8. The refrigeration installation as claimed in claim 7, wherein the at least one refrigeration consumer has a dedicated closed refrigerant or refrigerant mixture cycle, the refrigerant or refrigerant mixture cycle being operatively connected via at least one liquifier to the at least one feed line and the at least one discharge line, and the refrigerant or refrigerant mixture cycle in each case having modified expansion valves and/or modified linear expansion machines or conventional valves with associated bypass lines and modified linear compressors or conventional compressors with associated bypass lines, the evaporator of said at least one refrigeration consumer in each case being arranged higher than the liquifier of the said at least one refrigeration consumer.

9. The refrigeration installation as claimed in claim 7, wherein a plurality of refrigeration consumers are connected to one another and/or to the at least one feed line and the at least one discharge line by means of couplings.

10. The refrigeration installation as claimed in claim 9, wherein said couplings are quick-fit couplings.

11. The refrigeration installation as claimed in claim 7, wherein said at least one of the refrigeration consumers is assigned supercoolers as internal heat exchangers.

12. A method for operating the refrigeration installation as claimed in claim 7, comprising assigning at least one refrigeration consumer modified expansion valves and modified linear compressors, and during the defrosting phase of at least one of the refrigeration consumers moving at least one of the modified expansion valves and at least one of the modified linear compressors of the refrigeration consumers which are to be defrosted into a working position in which through-flow without a significant pressure drop is possible.

13. A method for operating a refrigeration installation as claimed in claim 7, comprising assigning at least one conventional expansion valve and at least one conventional compressor of the at least one refrigeration consumer bypass lines, and during a defrosting phase of the at least one refrigeration consumer, opening the bypass lines, and taking the at least one associated conventional expansion valve and the at least one associated conventional compressor out of operation.

Description:

BACKGROUND

(1) Field of the Invention

The invention relates to a refrigeration installation having at least one refrigeration consumer, which includes at least one evaporator, having at least one feed line and at least one discharge line, via which the refrigerant or refrigerant mixture is fed to the refrigeration consumer(s) and discharged from the refrigeration consumer(s), respectively, the evaporator(s) being assigned expansion members.

Furthermore, according to a first alternative, the invention relates to a method for operating a refrigeration installation in which the refrigeration compressor(s) is/are assigned modified expansion valves and modified linear compressors.

According to a second alternative, the invention relates to a method for operating a refrigeration installation, in which the conventional expansion valve(s) and the conventional compressor(s) of the refrigeration consumer(s) is/are assigned bypass lines.

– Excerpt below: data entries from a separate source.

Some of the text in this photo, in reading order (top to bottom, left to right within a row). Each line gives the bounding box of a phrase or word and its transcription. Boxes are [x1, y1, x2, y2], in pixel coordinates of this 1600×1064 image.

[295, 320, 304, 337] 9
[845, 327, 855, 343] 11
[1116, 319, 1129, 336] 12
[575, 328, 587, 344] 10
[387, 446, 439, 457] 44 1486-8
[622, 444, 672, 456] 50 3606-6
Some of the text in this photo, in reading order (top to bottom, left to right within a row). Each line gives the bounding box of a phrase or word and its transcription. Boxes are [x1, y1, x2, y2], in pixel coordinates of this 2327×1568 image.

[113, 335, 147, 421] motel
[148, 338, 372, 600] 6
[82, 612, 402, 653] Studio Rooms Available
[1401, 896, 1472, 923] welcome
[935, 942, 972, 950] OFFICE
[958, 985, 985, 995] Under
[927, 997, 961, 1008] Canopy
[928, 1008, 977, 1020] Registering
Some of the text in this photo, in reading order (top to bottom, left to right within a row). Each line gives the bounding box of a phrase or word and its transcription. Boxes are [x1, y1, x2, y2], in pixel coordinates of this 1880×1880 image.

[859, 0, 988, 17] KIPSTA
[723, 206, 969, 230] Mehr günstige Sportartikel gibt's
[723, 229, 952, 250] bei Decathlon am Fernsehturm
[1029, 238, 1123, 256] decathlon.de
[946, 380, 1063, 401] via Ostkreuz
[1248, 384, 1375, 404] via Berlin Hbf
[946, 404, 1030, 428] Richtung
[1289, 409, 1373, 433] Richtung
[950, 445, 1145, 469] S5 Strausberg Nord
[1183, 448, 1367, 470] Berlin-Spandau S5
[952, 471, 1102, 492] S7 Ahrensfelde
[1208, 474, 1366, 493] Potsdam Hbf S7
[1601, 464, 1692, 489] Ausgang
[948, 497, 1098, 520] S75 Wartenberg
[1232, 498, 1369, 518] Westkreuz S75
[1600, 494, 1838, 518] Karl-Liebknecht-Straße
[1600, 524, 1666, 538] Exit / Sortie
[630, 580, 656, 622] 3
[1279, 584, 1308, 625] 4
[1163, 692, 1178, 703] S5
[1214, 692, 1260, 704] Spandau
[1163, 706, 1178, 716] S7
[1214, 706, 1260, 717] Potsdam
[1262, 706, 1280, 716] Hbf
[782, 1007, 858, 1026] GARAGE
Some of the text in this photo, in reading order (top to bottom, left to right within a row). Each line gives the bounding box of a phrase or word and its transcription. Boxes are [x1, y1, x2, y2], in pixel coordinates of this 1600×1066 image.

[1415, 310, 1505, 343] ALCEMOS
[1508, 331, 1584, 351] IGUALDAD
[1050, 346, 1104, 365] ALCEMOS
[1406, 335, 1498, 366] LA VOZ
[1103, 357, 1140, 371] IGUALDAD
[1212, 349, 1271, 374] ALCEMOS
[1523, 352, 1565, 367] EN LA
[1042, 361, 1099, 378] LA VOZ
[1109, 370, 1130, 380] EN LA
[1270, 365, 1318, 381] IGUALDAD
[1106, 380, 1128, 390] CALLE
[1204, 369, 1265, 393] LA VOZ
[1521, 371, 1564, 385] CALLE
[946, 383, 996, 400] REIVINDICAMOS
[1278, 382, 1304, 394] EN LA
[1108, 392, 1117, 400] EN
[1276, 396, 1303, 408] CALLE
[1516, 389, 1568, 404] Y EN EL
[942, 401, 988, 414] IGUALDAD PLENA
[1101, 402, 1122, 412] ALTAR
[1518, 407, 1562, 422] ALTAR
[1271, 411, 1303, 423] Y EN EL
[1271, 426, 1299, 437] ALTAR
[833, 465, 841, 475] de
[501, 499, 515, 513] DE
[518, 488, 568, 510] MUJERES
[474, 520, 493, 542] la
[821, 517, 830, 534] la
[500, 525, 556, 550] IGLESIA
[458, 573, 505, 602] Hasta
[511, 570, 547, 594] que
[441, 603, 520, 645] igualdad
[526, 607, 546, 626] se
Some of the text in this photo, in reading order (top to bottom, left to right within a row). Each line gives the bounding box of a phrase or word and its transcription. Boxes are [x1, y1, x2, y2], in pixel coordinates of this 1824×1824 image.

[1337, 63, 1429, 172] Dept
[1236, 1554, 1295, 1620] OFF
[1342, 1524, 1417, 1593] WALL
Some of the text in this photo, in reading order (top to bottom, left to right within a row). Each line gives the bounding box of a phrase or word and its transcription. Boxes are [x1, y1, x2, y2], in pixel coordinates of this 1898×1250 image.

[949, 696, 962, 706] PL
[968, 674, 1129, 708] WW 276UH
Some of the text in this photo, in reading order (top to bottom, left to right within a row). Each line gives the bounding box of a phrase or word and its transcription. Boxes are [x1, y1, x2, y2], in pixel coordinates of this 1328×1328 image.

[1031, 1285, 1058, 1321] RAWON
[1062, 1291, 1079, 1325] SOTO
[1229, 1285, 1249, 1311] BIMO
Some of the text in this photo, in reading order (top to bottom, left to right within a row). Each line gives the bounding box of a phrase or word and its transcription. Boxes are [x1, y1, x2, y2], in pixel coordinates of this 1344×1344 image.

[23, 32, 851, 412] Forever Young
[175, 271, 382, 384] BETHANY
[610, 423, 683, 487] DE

In the text which follows, the term “modified expansion valves” is to be understood as meaning all expansion valves which, in addition to the primary function of “expansion of a liquid”, have the secondary function of “realization of a fluid connection”. The term “modified compressor” in the text which follows encompasses all compressors which, in addition to the primary function of “compression of a gas”, also allow the secondary function of “realization of a fluid connection”.

The terms “conventional expansion valves” and “conventional compressors” in the text which follows are to be understood as meaning all known designs of expansion valves and compressors which do not have the above-mentioned secondary function.

Refrigeration installations of the generic type are used for example in supermarkets or hypermarkets, where they generally supply a multiplicity of refrigeration consumers, such as cold stores, refrigerator cabinets and/or freezer cabinets. For this purpose, a one-component or multicomponent refrigerant or refrigerant mixture circulates inside them. A refrigeration installation of this type—as is known from DE-C 39 28 430—has a liquefier, in which the pressurized refrigerant (mixture) is condensed by indirect heat exchange, preferably against outside air.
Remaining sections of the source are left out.